Published December 1, 2025 | Version 1.0
Dataset Open

Usability Survey Dataset: ChatGPT for Role‑Play Language Practice

  • 1. ROR icon Universidad Complutense de Madrid
  • 2. ROR icon Aligarh Muslim University
  • 3. Universidad Complutense de Madrid Facultad de Informática
  • 4. ROR icon Universidad Francisco de Vitoria

Description

Usability Survey Dataset: Prompted ChatGPT Role-Play for Language Practice

This Zenodo record contains the raw survey responses collected for the study reported in:

Pablo Gervás, Carlos León, Mayuresh Kumar, Gonzalo Méndez, Susana Bautista (2025). Prompting an LLM Chatbot to Role Play Conversational Situations for Language Practice.
In Proceedings of the 17th International Conference on Computer Supported Education (CSEDU 2025), Volume 2, pp. 257–264. SciTePress. DOI: 10.5220/0013235400003932.
Paper PDF (publisher page): https://www.scitepress.org/publishedPapers/2025/132354/pdf/index.html

Authors

The dataset authors are the same as the paper authors:

  • Pablo Gervás
  • Carlos León
  • Mayuresh Kumar
  • Gonzalo Méndez
  • Susana Bautista

Contact author: Carlos León — cleon@ucm.es

ORCID identifiers (from the paper PDF)

  • Pablo Gervás — ORCID: https://orcid.org/0000-0003-4906-9837
  • Carlos León — ORCID: https://orcid.org/0000-0002-6768-1766
  • Mayuresh Kumar — ORCID: https://orcid.org/0000-0002-1728-7349
  • Gonzalo Méndez — ORCID: https://orcid.org/0000-0001-7659-1482
  • Susana Bautista — ORCID: https://orcid.org/0000-0003-1648-0208

Overview

Large Language Model (LLM) chatbots can sustain fluent dialogues and can be configured via prompts to play specific roles in an interaction. The related paper proposes and evaluates a prompting framework to make a chatbot:

  • propose conversational situations of appropriate complexity,
  • play a role in those situations,
  • monitor learner language, and
  • provide feedback proactively and on request.

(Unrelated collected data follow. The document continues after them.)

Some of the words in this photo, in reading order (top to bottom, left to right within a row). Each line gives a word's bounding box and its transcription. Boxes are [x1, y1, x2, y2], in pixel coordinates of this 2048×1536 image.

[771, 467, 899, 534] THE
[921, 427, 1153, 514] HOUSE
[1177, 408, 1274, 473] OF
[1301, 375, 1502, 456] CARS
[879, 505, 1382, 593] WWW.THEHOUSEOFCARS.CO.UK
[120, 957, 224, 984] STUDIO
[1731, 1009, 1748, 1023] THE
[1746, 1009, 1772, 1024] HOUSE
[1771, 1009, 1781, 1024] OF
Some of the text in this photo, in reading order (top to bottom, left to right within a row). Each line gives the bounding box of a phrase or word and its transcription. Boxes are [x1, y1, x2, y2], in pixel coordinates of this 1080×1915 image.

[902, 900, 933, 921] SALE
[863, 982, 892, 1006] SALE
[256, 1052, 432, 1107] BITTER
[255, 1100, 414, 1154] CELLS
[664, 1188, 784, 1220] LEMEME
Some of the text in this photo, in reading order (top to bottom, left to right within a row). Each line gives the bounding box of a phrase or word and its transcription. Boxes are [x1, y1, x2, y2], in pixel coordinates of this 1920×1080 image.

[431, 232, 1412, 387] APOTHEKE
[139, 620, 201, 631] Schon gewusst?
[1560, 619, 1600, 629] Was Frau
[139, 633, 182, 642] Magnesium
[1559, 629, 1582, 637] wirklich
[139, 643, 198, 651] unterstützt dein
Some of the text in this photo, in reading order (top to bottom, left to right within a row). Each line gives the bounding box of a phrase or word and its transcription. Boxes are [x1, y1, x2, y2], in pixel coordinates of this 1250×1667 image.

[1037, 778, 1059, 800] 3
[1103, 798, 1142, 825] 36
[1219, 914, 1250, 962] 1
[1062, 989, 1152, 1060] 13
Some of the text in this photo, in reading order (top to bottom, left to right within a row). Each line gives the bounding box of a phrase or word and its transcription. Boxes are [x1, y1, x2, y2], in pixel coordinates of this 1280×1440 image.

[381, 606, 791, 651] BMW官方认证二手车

This dataset provides the participant-level questionnaire data from a usability-focused user study of that approach.

What is in this record?

Files

  • Usability of ChatGPT(1-20).xlsx — raw survey export (one row per participant).

Unit of analysis

  • One row = one participant (N=20)

Variables

The spreadsheet includes:

  1. Administrative timestamps (start/end time),
  2. Participant background (gender; self-rated English skills),
  3. USE Questionnaire (Usefulness, Ease of Use, Ease of Learning, Satisfaction),
  4. System Usability Scale (SUS),
  5. Custom items about role-play language practice (clarifications, switching language, correction behavior, praise, perceived learning, perceived practice of specific skills),
  6. Open-ended comments (optional).

Quick descriptive summary (computed from the XLSX)

  • Participants: 20
  • Columns: 67
  • Collection date: 2024-05-31 (all responses collected on the same day, based on Hora de inicio)
  • Hora de inicio range: 2024-05-31 08:16:512024-05-31 18:56:06
  • Survey completion time (minutes):
    • mean ≈ 6.41
    • median ≈ 6.08
    • min ≈ 1.43, max ≈ 14.72
  • Gender (self-reported): Man=13, Woman=7
  • The Correo electrónico field is "anonymous" for all records in the provided file.

Instruments included

USE Questionnaire (30 items)

The dataset contains the 30-item USE Questionnaire (Likert 1–5). In this file, the items appear in the standard order and can be aggregated into the common subscales:

  • Usefulness (8 items): items 1–8 (from “It helps me be more effective” … “It does everything I would expect it to do”)
  • Ease of Use (11 items): items 9–19
  • Ease of Learning (4 items): items 20–23
  • Satisfaction (7 items): items 24–30

Suggested aggregation: mean (or sum) within each subscale (report which one you use).

System Usability Scale (SUS) (10 items)

The dataset includes the 10 SUS items (Likert 1–5). See Scoring below for the standard 0–100 calculation.

Custom pedagogical/usability items for language practice

The dataset includes additional questions about:

  • whether suggested topics enabled practice of the target feature,
  • clarification behavior (and whether clarifications were helpful),
  • switching to the native language and returning to Spanish afterward,
  • whether the chatbot corrected mistakes (and whether reminders were needed),
  • usefulness of corrections (open-ended),
  • praise, perceived learning, and perceived Spanish practice,
  • perceived practice of: conversation, writing, grammar, vocabulary.

Dataset structure (columns)

The spreadsheet has 67 columns. For convenience, they are grouped below.

1) Administrative / metadata

ID, Hora de inicio, Hora de finalización, Correo electrónico, Nombre, Hora de la última modificación

2) Participant background

Select your gender, and self-rated English skills (Speaking, Listening, Reading, Writing)

3) USE Questionnaire (30 items)

All columns from It helps me be more effective to It is pleasant to use

4) SUS (10 items)

All columns from I think that I would like to use this platform frequently to
I needed to learn a lot of things before I could get going with this platform

5) Role-play language-practice items (custom)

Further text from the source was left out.